1. Acceptance of Terms

These Terms of Service ("Terms") constitute a binding agreement between you ("Member", "you") and DDSINTEL, operated by EOXLABS ("DDSINTEL", "we", "us"). By accessing or using the DDSINTEL platform, APIs, dashboards, data exports, or any related services (collectively, the "Services"), you agree to be bound by these Terms.

If you are accepting on behalf of an organization, you represent that you have authority to bind that organization to these Terms, and "you" refers to both you individually and the organization.

2. Invitation-Only Access

DDSINTEL is an invitation-only platform. Access is not offered to the general public and is not available for self-service enrollment. Submission of a Request Access form does not create an account, does not entitle you to access, and does not obligate DDSINTEL to provide Services.
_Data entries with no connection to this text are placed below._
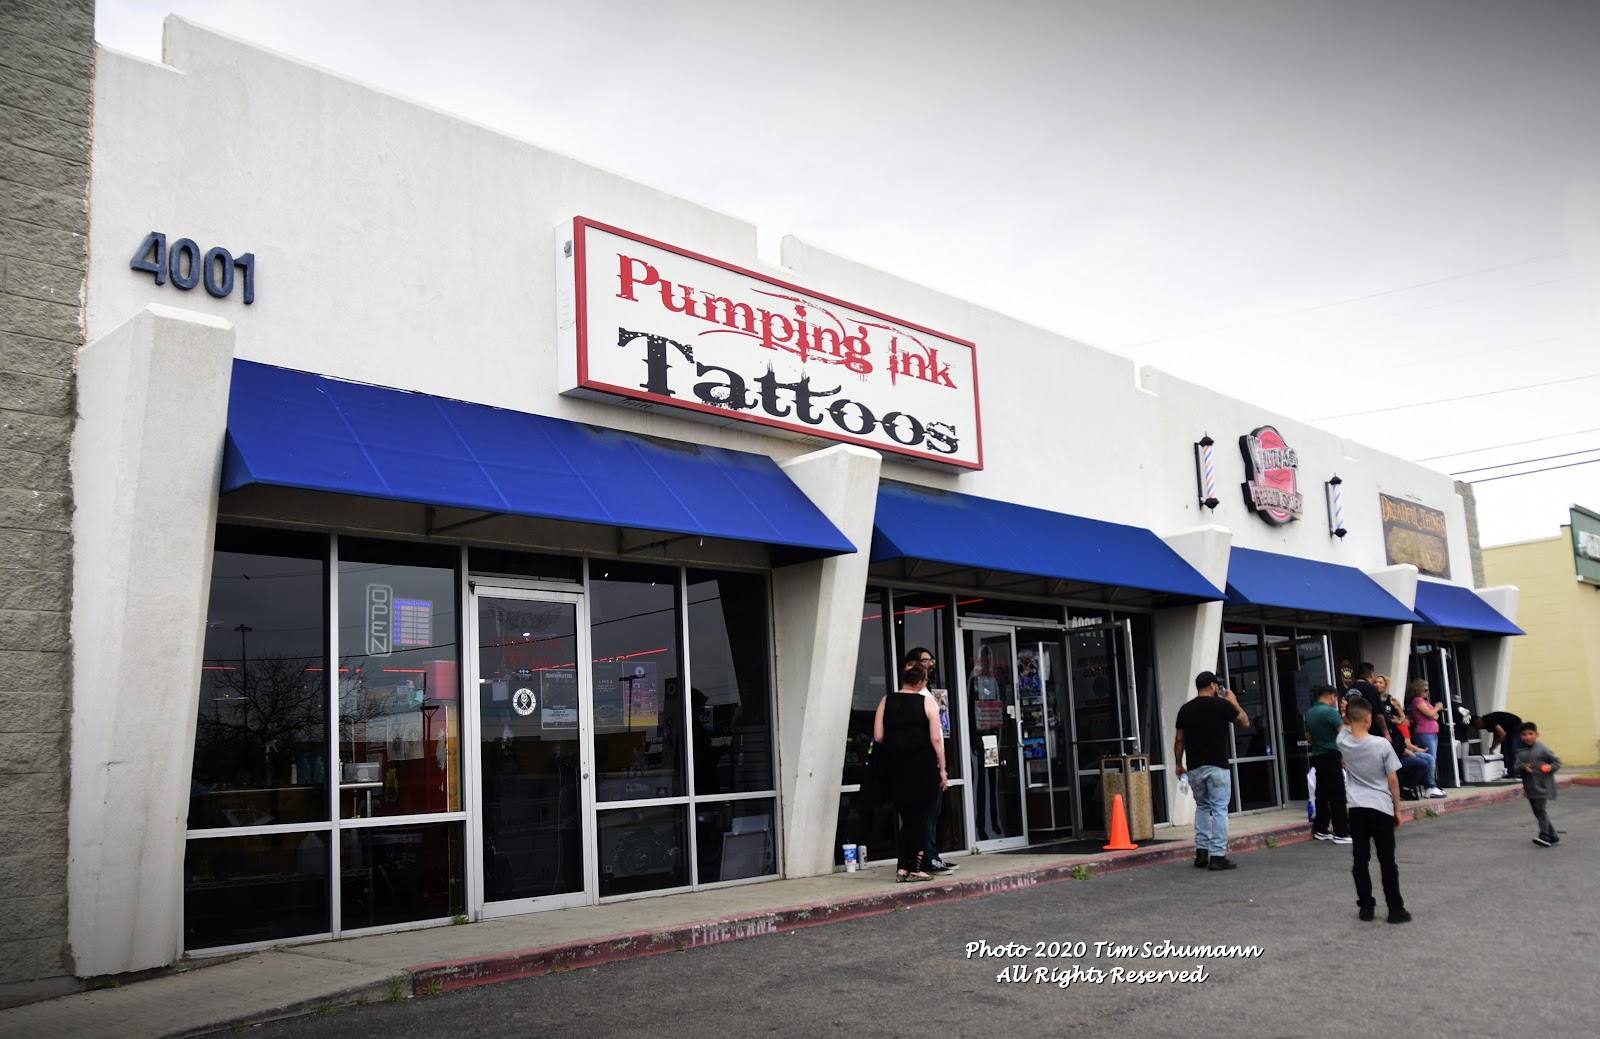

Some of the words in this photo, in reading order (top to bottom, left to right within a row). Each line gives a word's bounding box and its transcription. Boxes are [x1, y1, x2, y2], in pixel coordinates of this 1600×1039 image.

[130, 231, 255, 305] 4001
[616, 253, 874, 375] Pumping
[617, 326, 960, 454] Tattoos
[371, 589, 388, 653] OPEN
[691, 920, 730, 945] FIRE
[735, 913, 777, 937] LANE
Admission is granted at the sole and absolute discretion of DDSINTEL. We may refuse, suspend, or revoke access at any time, with or without cause, and with or without notice. No commitment, representation, or promise made during the request or evaluation process shall constitute an offer or contract until and unless a written service agreement is executed.

3. Account Credentials and Security

You are responsible for maintaining the confidentiality of your login credentials, API keys, and any other authentication artifacts issued to you. You agree to use multi-factor authentication where offered and to notify DDSINTEL immediately of any suspected unauthorized access at [email protected].
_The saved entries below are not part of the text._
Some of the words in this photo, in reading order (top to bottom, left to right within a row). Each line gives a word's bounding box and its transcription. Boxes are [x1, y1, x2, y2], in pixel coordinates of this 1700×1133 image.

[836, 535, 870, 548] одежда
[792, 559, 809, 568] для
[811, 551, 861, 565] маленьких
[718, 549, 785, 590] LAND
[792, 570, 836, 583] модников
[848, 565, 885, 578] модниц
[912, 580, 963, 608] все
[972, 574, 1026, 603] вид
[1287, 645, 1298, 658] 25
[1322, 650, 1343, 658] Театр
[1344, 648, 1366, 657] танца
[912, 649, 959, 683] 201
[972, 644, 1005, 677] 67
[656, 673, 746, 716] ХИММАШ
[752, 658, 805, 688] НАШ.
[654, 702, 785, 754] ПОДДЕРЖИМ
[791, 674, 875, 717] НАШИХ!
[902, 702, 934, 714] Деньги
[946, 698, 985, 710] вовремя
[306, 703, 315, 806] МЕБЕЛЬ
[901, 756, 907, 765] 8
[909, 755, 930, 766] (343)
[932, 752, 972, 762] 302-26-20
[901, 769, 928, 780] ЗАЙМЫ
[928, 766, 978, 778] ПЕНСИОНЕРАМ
You are fully responsible for all activity that occurs under your account and for any actions taken using your API keys, whether or not you authorized such activity.

4. Acceptable Use

You agree to use the Services only for lawful business purposes and in compliance with these Terms. Without limitation, you shall not: (a) reverse-engineer, decompile, or attempt to extract source code from the Services; (b) scrape, mirror, redistribute, resell, or sublicense data obtained through the Services except as expressly permitted; (c) use the Services to harass, harm, defame, or unlawfully discriminate against any person; (d) use the Services to violate patient privacy laws, including HIPAA; (e) attempt to circumvent rate limits, authentication, or security controls; (f) introduce viruses, worms, or other malicious code; (g) use the Services to compete with DDSINTEL or build a competing product.

Violations will result in immediate suspension and may be referred to law enforcement.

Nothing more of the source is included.